Yung-Heng Hsua,
Pin-Chao Fengbc,
Yi-Hsun Yua,
Ying-Chao Choua,
Zhe-Pei Wangb and
Shih-Jung Liu*ab
aDepartment of Orthopedic Surgery, Bone and Joint Research Center, Chang Gung Memorial Hospital-Linkou, Taoyuan 33305, Taiwan. E-mail: shihjung@mail.cgu.edu.tw
bDepartment of Mechanical Engineering, Chang Gung University, 259 Wen-Hwa 1st Road Kwei-Shan, Taoyuan 33302, Taiwan. Fax: +886-3-2118558; Tel: +886-3-2118166
cDepartment of Thoracic and Cardiovascular Surgery, Chang Gung Memorial Hospital-Linkou, Taoyuan 33305, Taiwan
First published on 12th May 2025
Despite advancements in modern technology, treating degenerative arthritis remains a challenge. This study developed a degradable, hyaluronic acid-loaded, drug-eluting nanofibrous pad designed to provide extended pain relief and prevent infection at the knee joint. The mechanical performance of the biodegradable pads was assessed, and the pharmaceutical discharge kinetics were estimated using an in vitro elution method. Additionally, in vivo pharmaceutical release and efficacy were tested using a rabbit activity model. The experimental results suggest that the degradable pad exhibited strong mechanical properties. In vitro, the drug-eluting nanofibrous pad sustained the release of teicoplanin, ceftazidime, and ketorolac for 10, 24, and 30 days, respectively, and maintained high levels of connective tissue growth factor elution over a 30-day period. Moreover, animal testing demonstrated that the pad released significant amounts of antimicrobial and pain-relieving agents in a rabbit knee joint model for over 28 days. Rabbits implanted with the drug-eluting pads exhibited activity levels comparable to those that did not undergo surgery. These findings indicate that the hyaluronic acid-loaded, drug-eluting nanofibrous degradable pad, with its extended release of pharmaceuticals and biomolecules, may be used for the treatment of degenerative arthritis.

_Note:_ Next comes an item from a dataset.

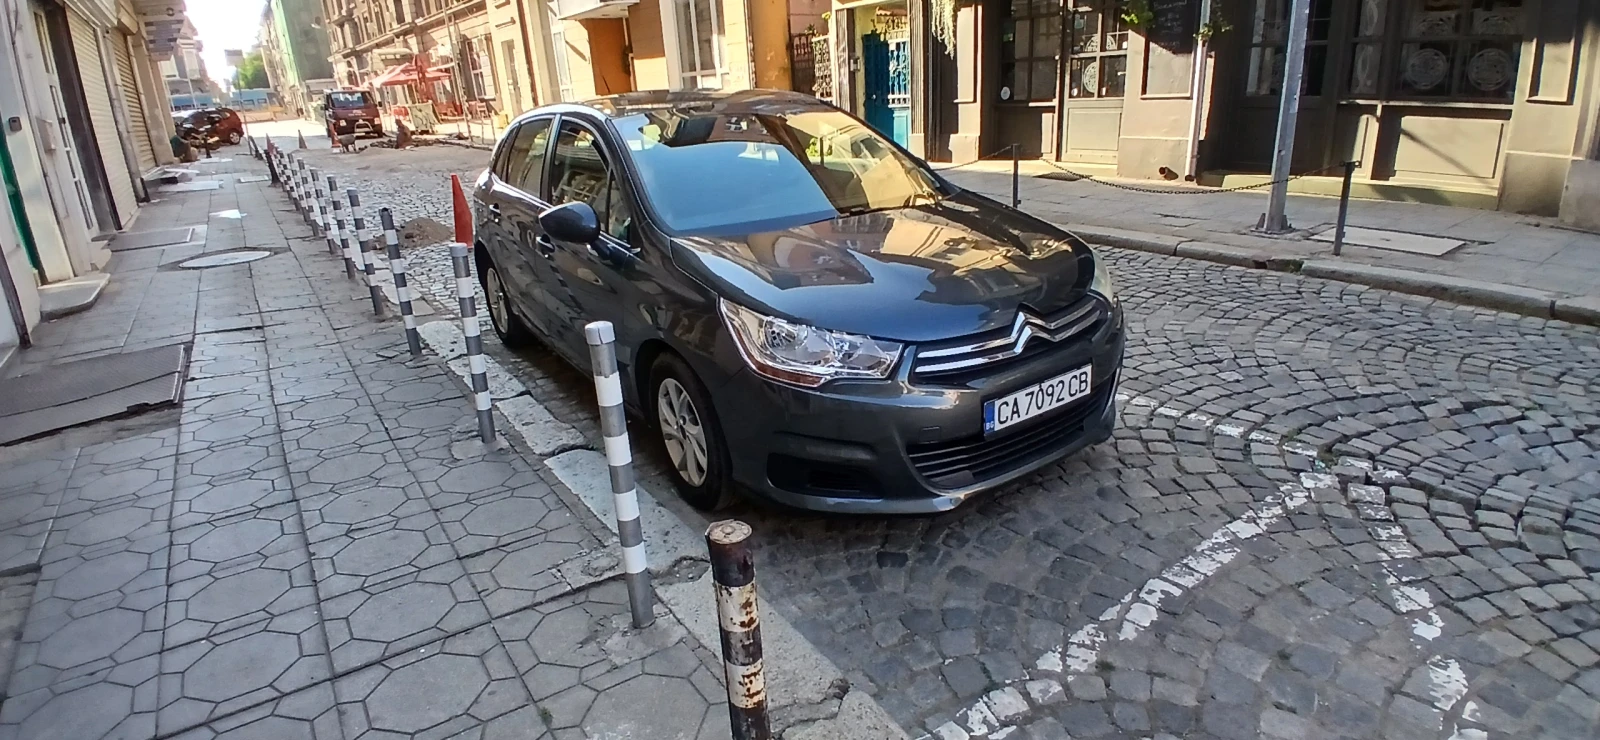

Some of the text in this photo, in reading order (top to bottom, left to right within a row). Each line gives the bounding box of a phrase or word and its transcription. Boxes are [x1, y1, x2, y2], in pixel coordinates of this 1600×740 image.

[997, 371, 1088, 425] CA 7092 CB
[985, 421, 995, 431] BG

Despite advances in modern technology, the repair of degenerated cartilage presents a significant challenge in orthopedics and regenerative medicine. Various approaches have been explored to address this issue, ranging from surgical interventions to tissue engineering strategies. Surgical procedures such as microfracture, mosaicplasty, and autologous chondrocyte implantation involve stimulating the body's natural healing response or transplanting healthy cartilage tissue to the damaged area.7–9 However, these techniques have limitations in terms of long-term efficacy and the ability to regenerate functional cartilage tissue. Tissue engineering approaches aim to create bioengineered cartilage constructs using combinations of biomaterials, drugs, and growth factors to mimic the structure and function of native cartilage.10,11 Advances in biomaterial science hold promise for developing novel therapies for cartilage repair. However, further research is needed to optimize these approaches and translate them into clinically effective treatments for degenerated cartilage.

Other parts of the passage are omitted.